Credit cards can be used as a tool to manage your finances, and simplify your spending habits. They can also be a source of great financial devastation if you rack up too much interest. The key to using credit to your financial benefit is developing habits that make it easy to avoid paying high interest rates or racking up debt that you cannot pay off.

Smart Habits

First and foremost for rules of credit, consumers should not charge more than they can pay at the end of the month. If you don’t pay it off in full at the end of the month, you end up in a revolving cycle of credit, paying interest on interest and racking up debt. Moreover, if you leave a balance on your card, interest accumulates on every month’s balance. If you pay everything in full at the end of the month, you avoid paying interest and simply have the card to use for security and simplicity. Smart habits can put you on the path to 800+, raising your credit score every single month. 

Benefits of Credit Cards

One of the big benefits of credit cards in the modern world is the security that they can offer you. Opposed to a debit card, a credit card is much easier to recover if there are fraudulent charges or identity theft. Often all it takes is a call to credit card companies, whereas a bank with your checking account can take weeks and often doesn’t rally for your protection the way a credit card company does.

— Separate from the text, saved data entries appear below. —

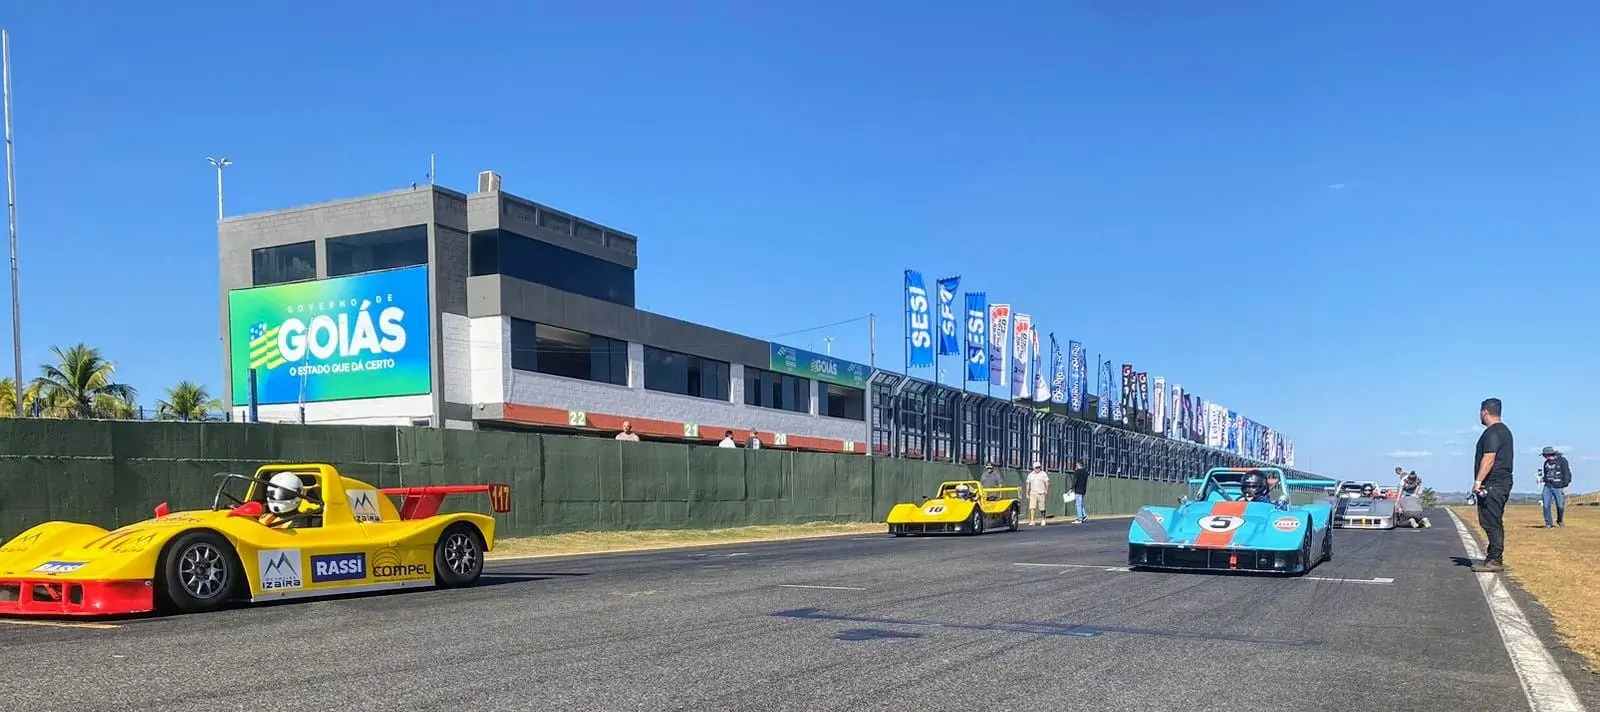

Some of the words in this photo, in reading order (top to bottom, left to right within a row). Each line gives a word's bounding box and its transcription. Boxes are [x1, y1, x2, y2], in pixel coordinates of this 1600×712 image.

[287, 298, 357, 314] GOVERNO
[375, 293, 393, 304] DE
[909, 286, 931, 349] SESI
[277, 299, 407, 362] GOIÁS
[968, 310, 986, 365] SESI
[289, 366, 297, 377] O
[297, 364, 330, 376] ESTADO
[331, 362, 350, 373] QUE
[351, 359, 364, 371] DÁ
[365, 359, 395, 371] CERTO
[816, 359, 838, 376] GOIÁS
[569, 410, 586, 426] 22
[685, 423, 698, 437] 21
[775, 433, 787, 446] 20
[492, 486, 509, 511] 117
[1209, 516, 1230, 529] 5
[373, 564, 431, 577] COMPEL

Another advantage they offer customers is the rewards that many of the better cards offer, for travel or shopping, and sometimes, even cash back. These benefits can really add up so long as you stay in good standing with your credit card company.

For many, an important use of credit cards is the ability to build credit. When applying for bigger loans, or a mortgage, your credit score is hugely influential to what you end up paying overall and your ability to be approved for a loan. That’s why it is essential to build and maintain good credit.

Your credit will arguably have THE greatest impact on your financial life. Period.

Assume you borrow $200,000 for a 30-year mortgage. If you have a 4.384% interest rate, you’ll pay a total of $360,000 over the life on the loan. If you have bad credit and get a 5.973% interest rate, you’ll pay a total of $430,000. That’s a $90,000 difference, all from being a responsible borrower.

Sound good? Let’s start with the basics. You must be familiar with these two things: your credit score and your credit report.

Your credit score represents your credit risk to potential lenders. Lenders will take this number (which ranges from 300 to 850), along with some more info (such as your age and salary), to decide if they want to lend you any money. If they decide to lend you money, they’ll give you a higher or lower interest rate based on how much of a risk they think you are.

What does your credit score include?
  • 35% = payment history. This shows lenders how reliable you are, and late payments WILL hurt you.
  • 30% = amounts you owe. This includes your credit utilization rate, which is essentially how much debt you have vs. how much you have in available credit.
  • 15% = how long you’ve had credit.
  • 10% = the age of your accounts. Older accounts are better because they show lenders 
  • 10% = types of credit. Do you have all credit card debt, or do you have a mortgage and student loan too? Varied types of credit is better.

Your credit report tracks all of your credit-related activities, with recent activities getting more weight than older activities.

Your credit report includes the following:
  • A list of all your credit accounts.
  • Basic identification information.
  • The amount of your loans.
  • Your credit history. This shows who you’ve paid, how consistently you’ve paid them, and if you’ve had any late payments.
  • Any credit inquiries. This is separated into voluntary and involuntary. You know those “pre-approved credit cards you get in the mail? Those are involuntary, so they won’t hurt your credit. However, if you have too many inquiries, or “hard pulls”, it will hurt your credit.

If you’d like to save thousands of dollars over your lifetime, all you have to do is develop a great credit score. Here are the six credit card rules you MUST follow to get good credit.

1. Pay off your credit card regularly, and in full if possible.

If you take away nothing else from this article, please understand that you must pay off your credit card regularly. Your payment is history is the biggest chunk of your credit score. So if you miss even one payment on your credit card, your score can plummet, your APR can skyrocket, and you’ll be charged a late fee.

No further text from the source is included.